Estoy segura de que Álvaro Vargas habrá escrito este libro para que llegue a cada uno de sus lectores como deba de llegar; estoy segura de que en estas líneas vamos a encontrar sabiduría y sobre todo bondad, porque “Mi Pollito Volador” ha sido siempre para mí un ejemplo de ser humano y eso suele contagiarse.

Gracias Álvaro.

Caerse y levantarse

H acía meses que había visto el anuncio en televisión y, como en cada edición, mi primer impulso era presentarme. He sido un fiel seguidor del programa y aquello de vivir la experiencia sonaba muy interesante, pero siempre se convertía en un pensamiento fugaz que, tal como llegaba, se marchaba. Lo que no sabía, pero intuía, es que esa rapidez en olvidarme del asunto escondía grandes dosis de vergüenza, de miedo al qué dirán y a exponerme a las opiniones de los demás más de lo que podría aguantar. Pero esta vez di un paso más allá. Apenas quedaban diez días para que empezara el concurso, y decidí entrar en su web y ver qué tenía que enviarles. En principio, parecía muy fácil: datos personales, hobbies, profesión, algunas fotografías... Pero llegué a lo que me temía. Había que grabar un vídeo de apenas unos segundos describiéndote. Me quedé bloqueado y de nuevo rescaté, muy a mi pesar, aquella sensación de inseguridad hacia mi físico.

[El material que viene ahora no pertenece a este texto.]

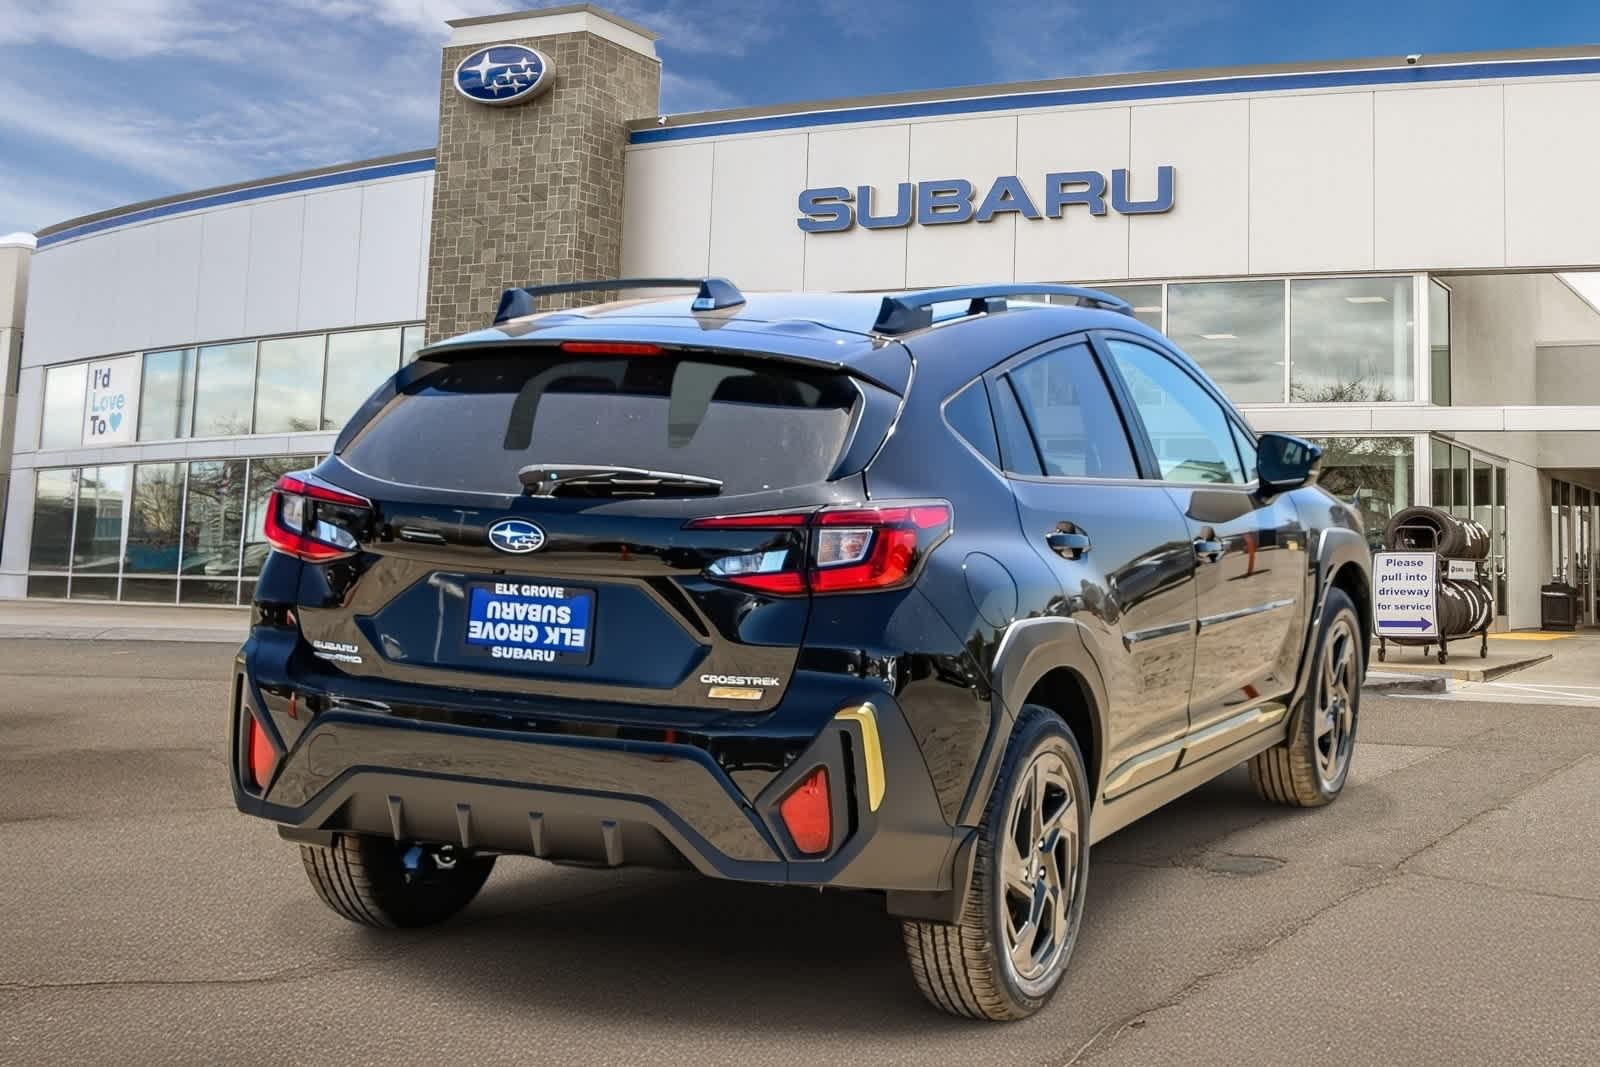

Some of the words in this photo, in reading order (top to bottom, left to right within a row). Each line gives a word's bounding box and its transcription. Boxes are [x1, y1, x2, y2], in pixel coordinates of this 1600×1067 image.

[797, 165, 1176, 233] SUBARU
[94, 367, 111, 389] I'd
[91, 391, 125, 412] Love
[90, 415, 106, 435] To
[1386, 558, 1424, 567] Please
[1381, 573, 1402, 583] pull
[1405, 573, 1428, 581] into
[495, 583, 520, 596] ELK
[521, 584, 565, 599] GROVE
[1378, 587, 1430, 597] driveway
[486, 600, 572, 625] SUBARU
[467, 620, 539, 643] GROVE
[543, 625, 586, 647] ELK
[491, 646, 556, 662] SUBARU
[700, 674, 780, 686] CROSSTREK
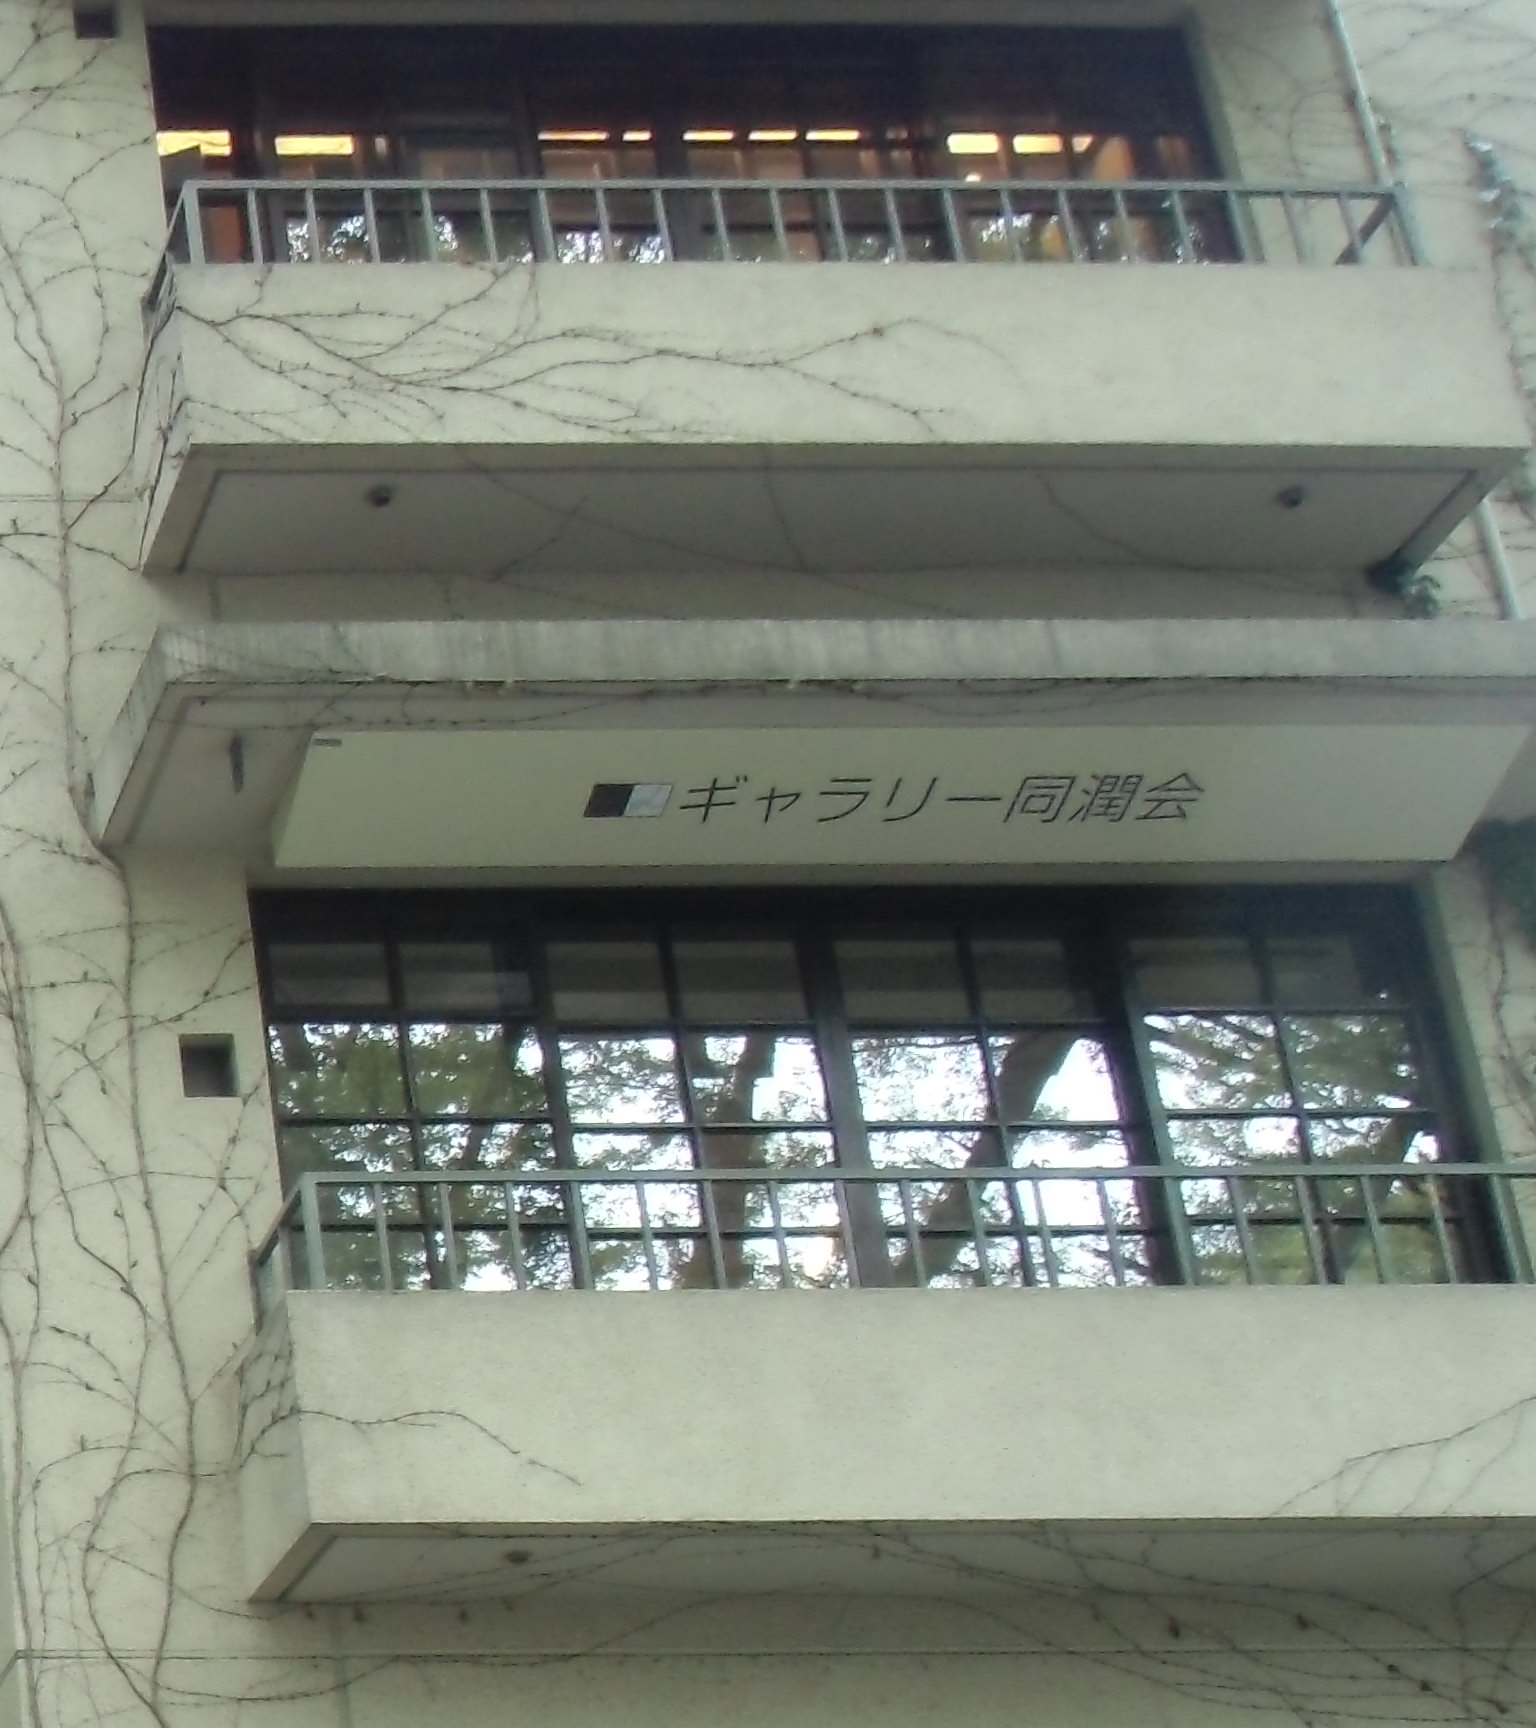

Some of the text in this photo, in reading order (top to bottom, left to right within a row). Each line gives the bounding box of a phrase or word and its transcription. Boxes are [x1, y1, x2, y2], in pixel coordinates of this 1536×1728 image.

[679, 773, 1205, 823] ギャラリー同潤会
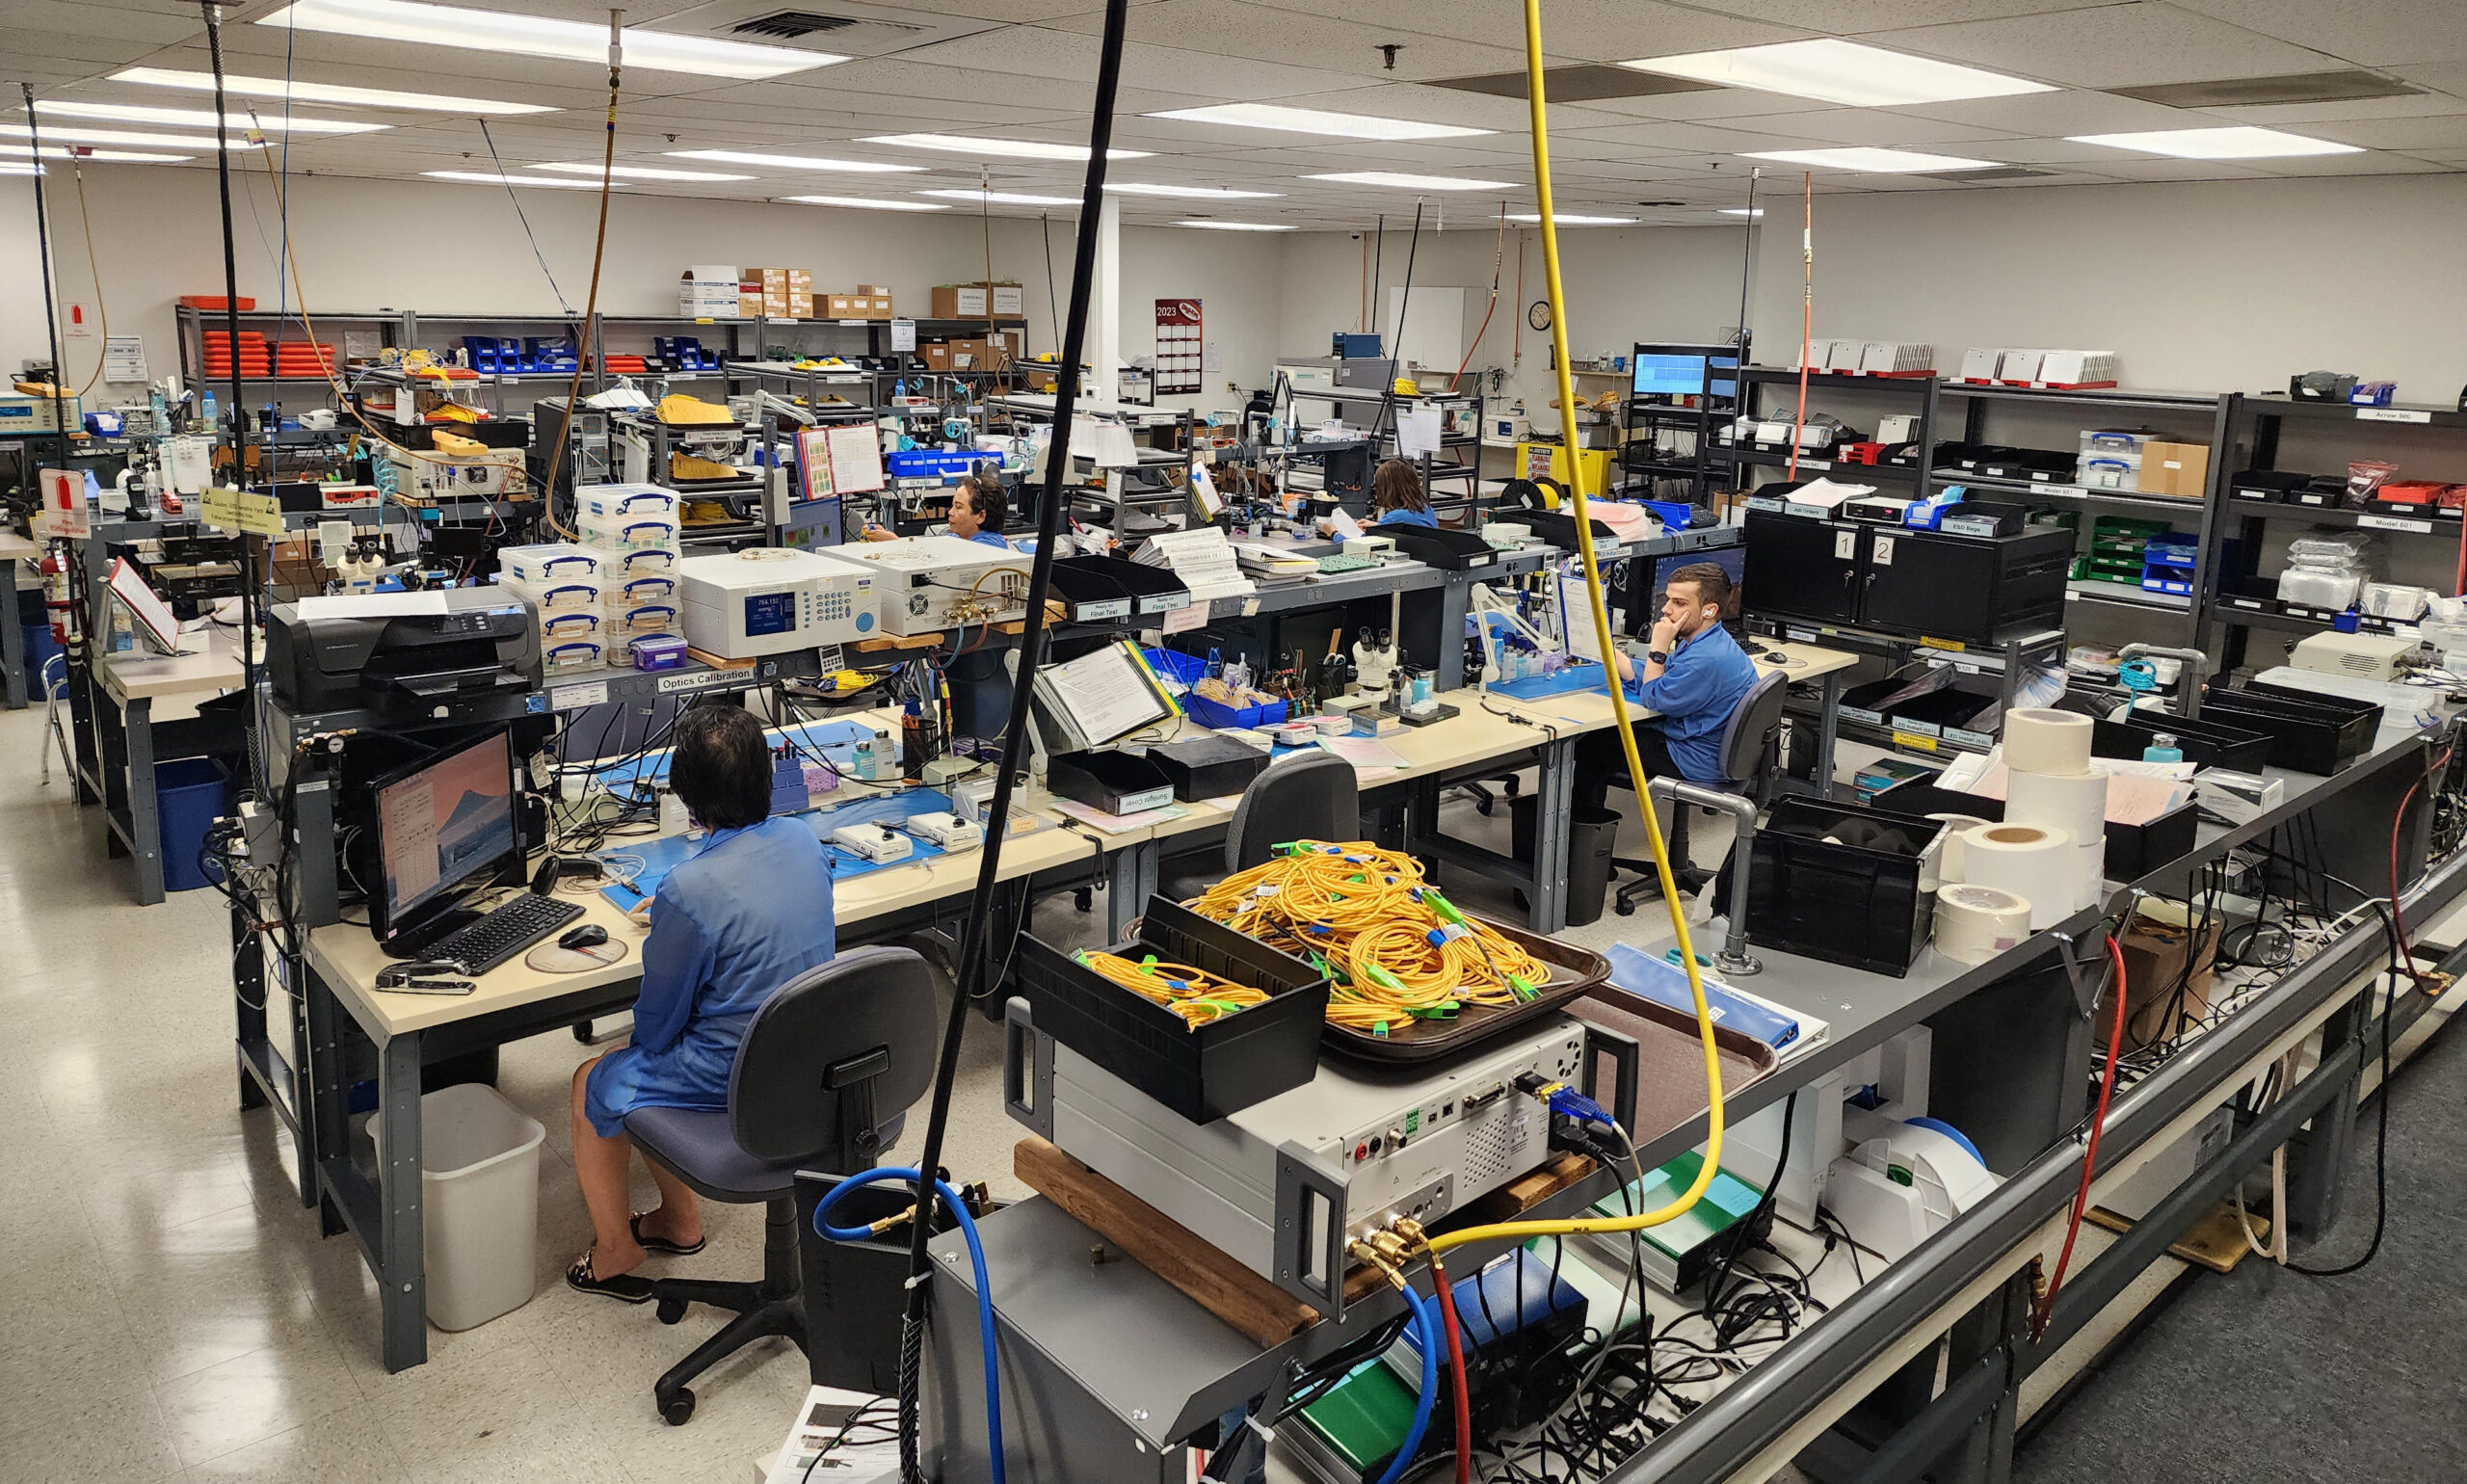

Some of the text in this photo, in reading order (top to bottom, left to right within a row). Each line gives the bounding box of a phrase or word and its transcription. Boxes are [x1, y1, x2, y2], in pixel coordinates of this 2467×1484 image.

[1157, 307, 1176, 317] 2023
[1842, 537, 1849, 553] 1
[1878, 542, 1888, 559] 2
[663, 670, 749, 689] Optics Calibration
[1852, 712, 1878, 722] Calibration
[1144, 794, 1168, 803] Sunlight

El referente que tenía sobre esto de grabarse en vídeo era catastrófico para mí. Durante mis estudios de Realización de Audiovisuales, los alumnos teníamos que pasar por todos los puestos, desde guionistas o cámaras hasta realizadores, pero también hacer de actores y presentadores. Recuerdo que en la primera práctica no podía mirarme en el monitor, me avergonzaba mi imagen, sentía un rechazo absoluto. Desde entonces elegí estar siempre detrás de las cámaras. Incluso pasé una etapa bastante larga, que me costó discusiones con varios amigos, porque prohibí que me hicieran fotos, no, ni siquiera en vacaciones, para no tener que verme después.

Dos días más tarde del primer intento, recuperé la idea y actué por inercia. Con mucha rapidez para no arrepentirme, me puse mi extravagante camisa de flores, cogí el Iphone y, haciéndome un selfie-vídeo, que repetí unas cuatro veces, balbuceé quién era, a qué me dedicaba y por qué quería entrar en Gran Hermano, todo esto en no más de diez segundos. Lo pasé al ordenador y le di al botón de envío.

Lo curioso es que estuve dos días dándole vueltas a algo que nunca iba a ocurrir, porque nadie más que yo vería ese vídeo, ni mi redactora, ni los de producción, ni los de la web... Cuando llegué al casting me dijeron que el formato en el que había guardado el dichoso vídeo les daba error y que no lo habían podido visionar. Tuve que grabar unas cuantas pruebas de cámara para que se las pasaran a los jefazos. ¿Cuántas veces nos hemos preocupado por cosas que después no han ocurrido? Esta es una de las enseñanzas que más presente tengo en mi día a día, cuando algo me empieza a preocupar en exceso, paro, observo las posibilidades de que eso, que no me deja dormir, pueda suceder y llego a la conclusión de que son muy pocas, por lo tanto, ¿por qué agobiarse anticipadamente? Lo he dejado de hacer.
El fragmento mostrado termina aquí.